Geographically Speaking

Out and about with Lawrence “Mack in Texas” Hall (Rated G)


Peter Pan in Bowring Park
For Dan, who knows something of magic
“Do you want an adventure now, or would like to have your tea first?”
-Peter Pan

Sweet little bunnies browse and squirrels climb
And tiny mice and fairies give delight
To all the little ones of Newfoundland
Who visit Peter Pan in Bowring Park

He plays his pipes for them, and they can hear
The joyful music of his magic world
Where they may celebrate their pixie-dreams
At this bright second star from Kensington

And sing in peace their happy morning hymn
For darling little Betty, who waits for them

The History Behind Bowering Park’s Peter Pan Statue

Peter Pan Statue Image


Las Vegas, Geographically Speaking
Upon watching the 1960 Ocean’s Eleven

That oasis of Cool no longer exists
Except as road markers and artifacts
All else is gone: cigarette girls, ashtrays
Rotary telephones, Ford Galaxies

The glamour of cocktail dresses and tailored suits
Xanadu with electric lights and Scotch
Heliopolis with showgirls and cards
So Cool that no one ever called it Cool

And like those fragments of Ozymandias
All of that Cool is lost among the sands


And the Maps and Charts of Your Soul

Maps help us navigate the land
Charts help us navigate the sea
All of them, when drawn out by hand
Are works of art, as you well see


“My Temple Stands in Ephesus”
-Pericles V.i.241

“My temple stands in Ephesus,” the goddess says
I don’t believe in goddesses, of course,
And stern Saint Paul would up cut rough about them
But we could wish them so, temples and gods

We could board a ship with a seeing eye
A ship of wonderful cargoes safely stowed
And let there be “Lords, Knights, Gentlemen,
Sailors, Pirates, Fishermen, and Messengers”

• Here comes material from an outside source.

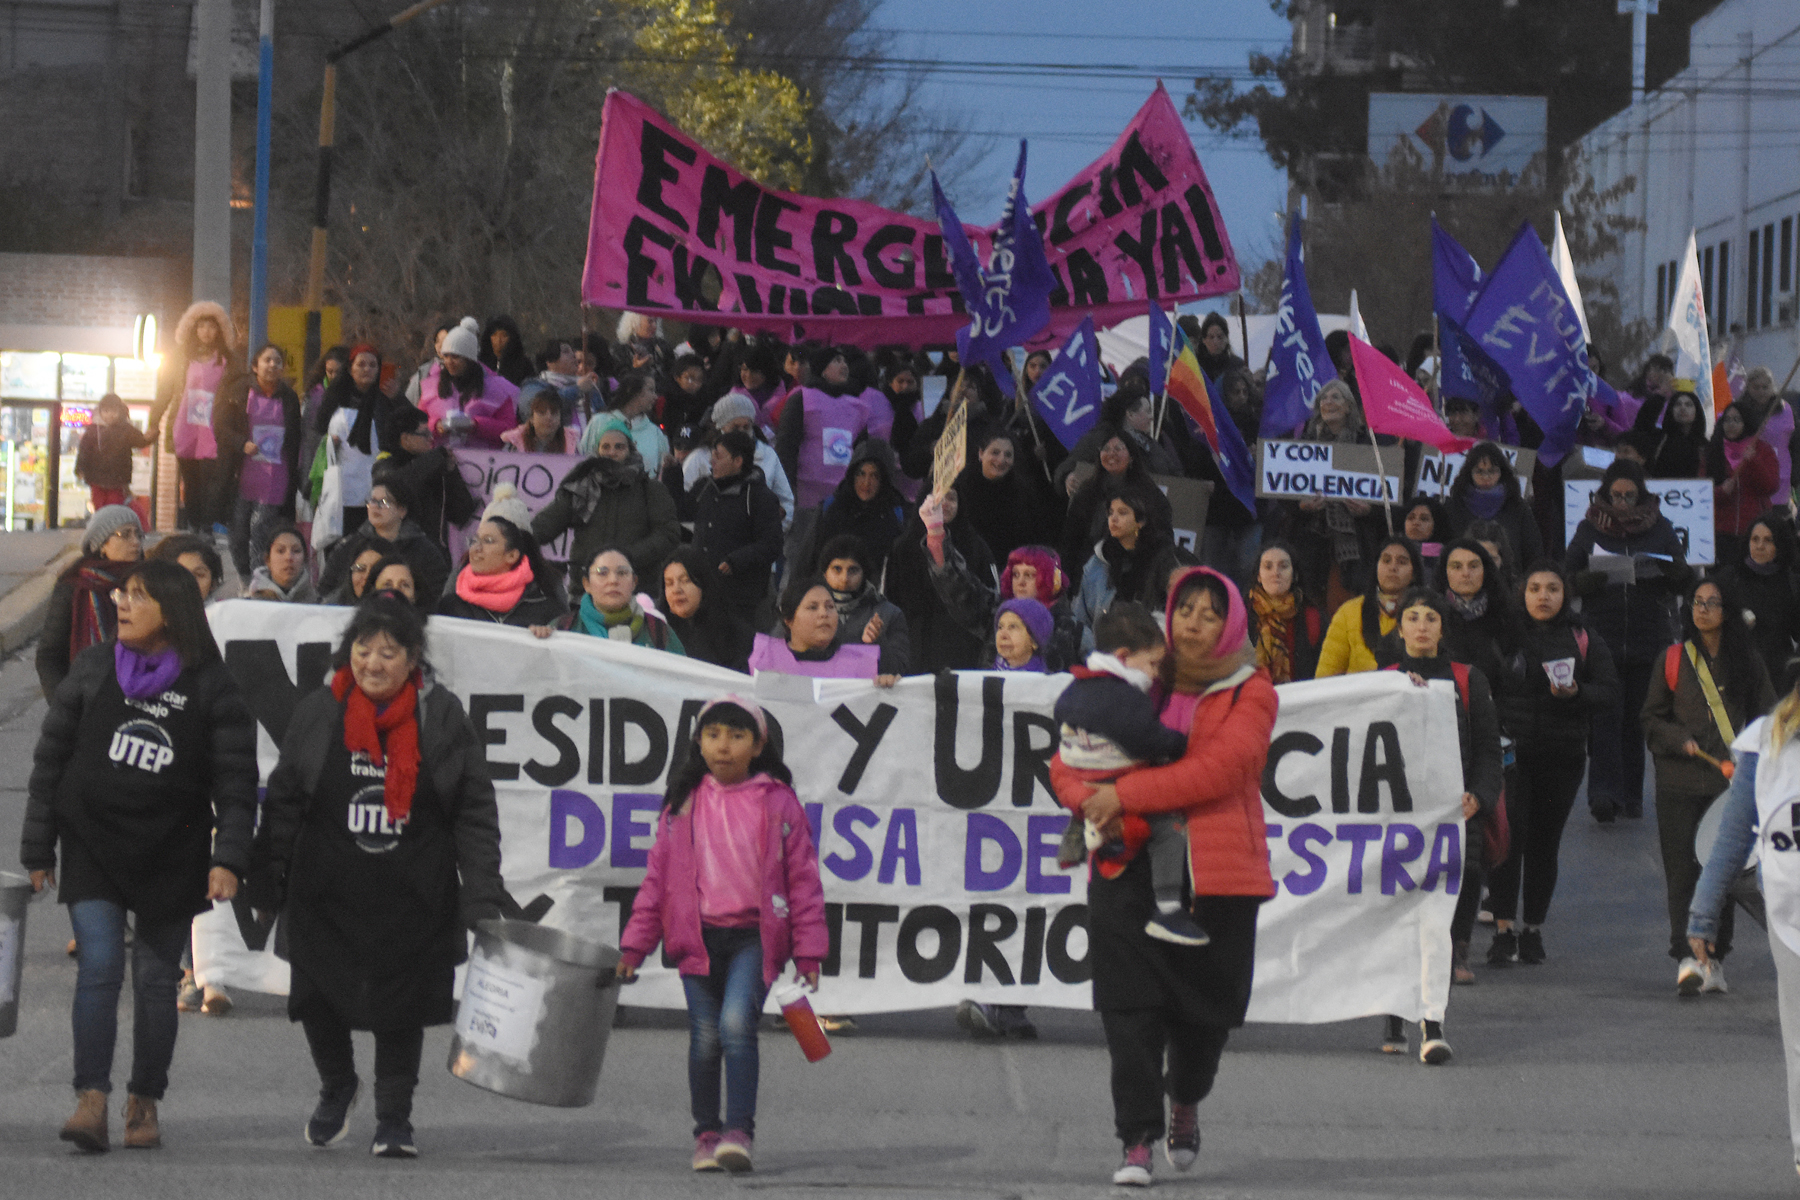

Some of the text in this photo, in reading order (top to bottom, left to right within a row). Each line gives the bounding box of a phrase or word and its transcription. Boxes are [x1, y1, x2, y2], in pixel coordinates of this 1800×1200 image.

To speed our stories and our very selves
To where a temple stands in Ephesus


A Footprint on the Road to Santiago

A footprint on the road to Santiago
It has meaning – a footprint, and another
An indent from the ferrule of a stick
Toward a vision of a Field of Stars

Sin-weary and sunburnt, a pilgrim plods
Through weeds and dust and sometimes traffic lights
And idlers mocking from across the road
Toward a vision of a Field of Stars

Where free from sin and pain and blood and scars
He may at last find peace in that Field of Stars


A Little Lady Smoking a Big Cigar
In the drive-through line at Jenny’s Fried Chicken

Middle-aged, petite, wearing a pixie-cut
Dangly earrings and old blue overalls
And a frown on her face, she left her car
And walked around it disapprovingly

Her inspection complete, she stepped back in
But she still wasn’t happy with the world
Given the defiant angle of her cigar
A thrust against all importunities

Her smoke was a warning to all: you’d best keep clear
And I don’t know why (I didn’t dare ask)


Café’ Renee’
“Listen very carefully; I shall say this only once…”
-Michelle of the Resistance

Café Renee’ is still open in Nouvion
Close to the coast, except when it isn’t
In a petit monde of possibilities
Even when the outside world is going wrong

Let us find a table close enough to hear
Lieutenant Geering and Colonel von Strom
Whispering conspiracies about paintings and plots
Until Madame Edith screeches out a song

Renee’ brings us a cognac as always
And we know the fun is about to begin


Neither a King nor a Boss

A gas station close by the overpass
A display case of shiny knives and knucks
One of the knives features a naked lady
Some of the knucks are labeled “KING” and “BOSS”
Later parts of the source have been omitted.